Out of the box and on the trail
I certainly can’t fault the packaging: it was lovely and the shorts themselves seem well made, I haven’t done them any damage in a couple of months’ riding. Putting them on revealed something slightly unexpected: the hem dug into my thighs. Not a lot but noticeable. Like I said, I don’t have massive thighs but it seems they are chunkier than Giro was expecting. Other than that, the fit is pretty good.
I’ve been wearing them a lot in the hope that that tight hem relaxed. Unfortunately, I haven’t had any luck. If I’m really concentrating on my riding then I don’t notice them, but getting back on the bike after a break or just rolling along they are almost painfully apparent. I still ride in then, but they aren’t my first choice. Those pockets on the back haven’t seen much use, but that’s my fault not theirs: my bike doesn’t have enough mounts for both my (massive) pump and a water bottle so I’ve gone back to the pack.

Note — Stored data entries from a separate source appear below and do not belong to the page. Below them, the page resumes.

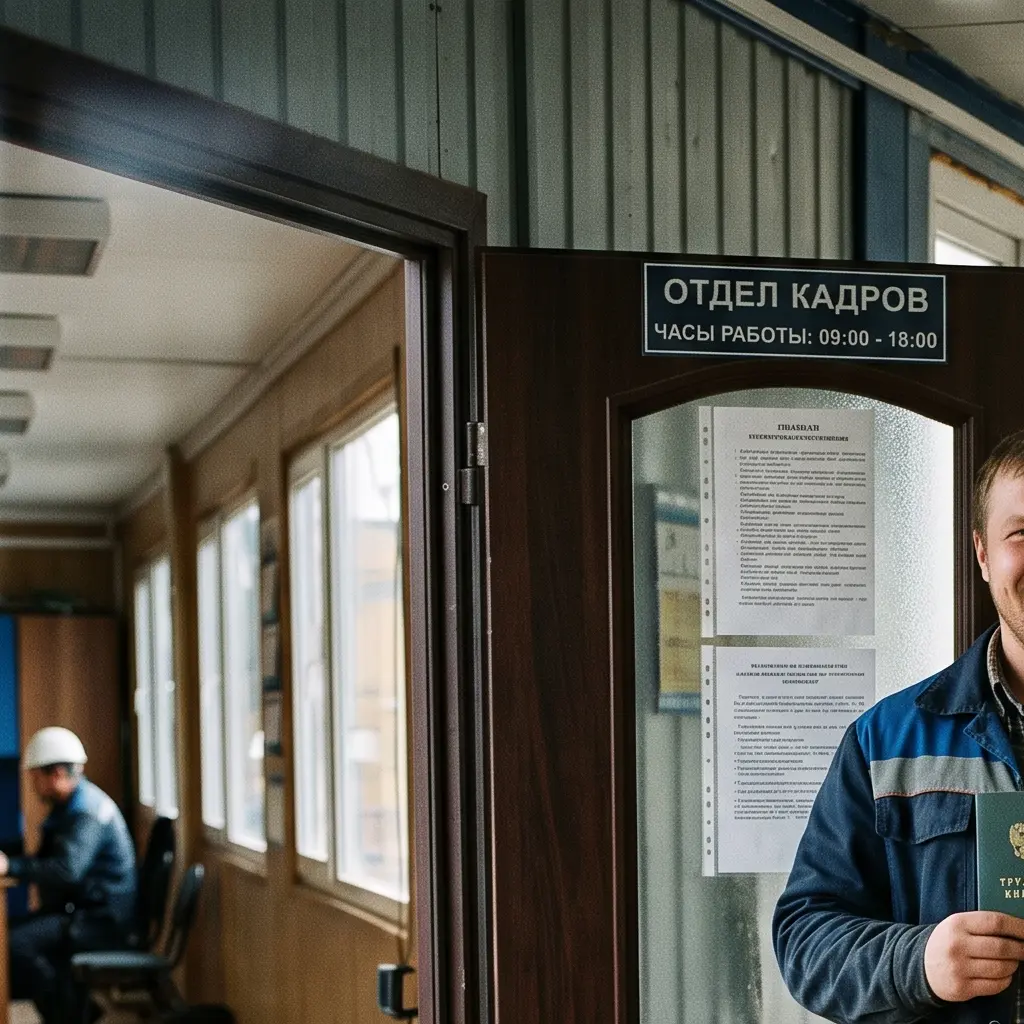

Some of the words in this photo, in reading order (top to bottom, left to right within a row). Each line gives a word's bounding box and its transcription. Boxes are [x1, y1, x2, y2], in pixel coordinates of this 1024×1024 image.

[664, 278, 778, 311] ОТДЕЛ
[792, 283, 929, 315] КАДРОВ
[654, 323, 715, 341] ЧАСЫ
[721, 325, 812, 345] РАБОТЫ:
[819, 328, 869, 346] 09:00
[888, 330, 937, 349] 18:00
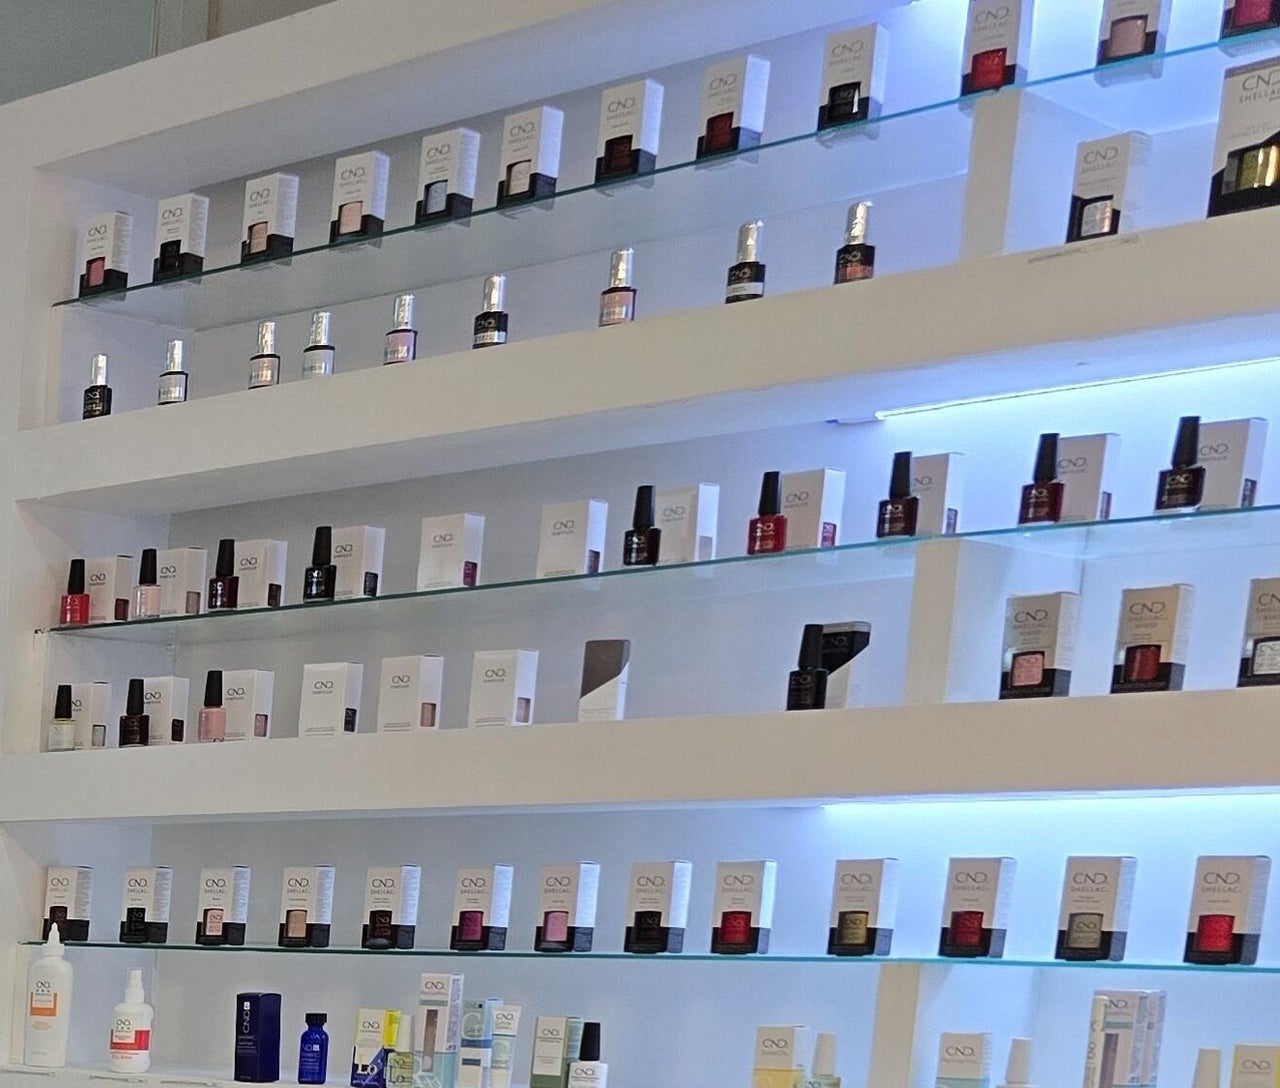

The real oddity is that keyhole fly. It’s a perfect example of what I call a Joseph Joseph solution: an innovative solution to a problem I didn’t really have in the first place. I’ve never had any real issues answering the call of nature in bibs and, in these, I’ve been eschewing the fly in favour of a more direct approach. In fact, the seam on the fly chafes unless it’s positioned just so. Chafing in that location is not something I’m prepared to put up with.
So, a verdict
It’s a real shame, these could have been amazing. Maybe I’m a little taller than most people my girth so the hem sits on the widest part of my thighs. So, if you’re shorter than me and struggle to extricate yourself from bibshorts the Giros may well be for you. For me they will never be the first thing I grab when I’m going for a ride.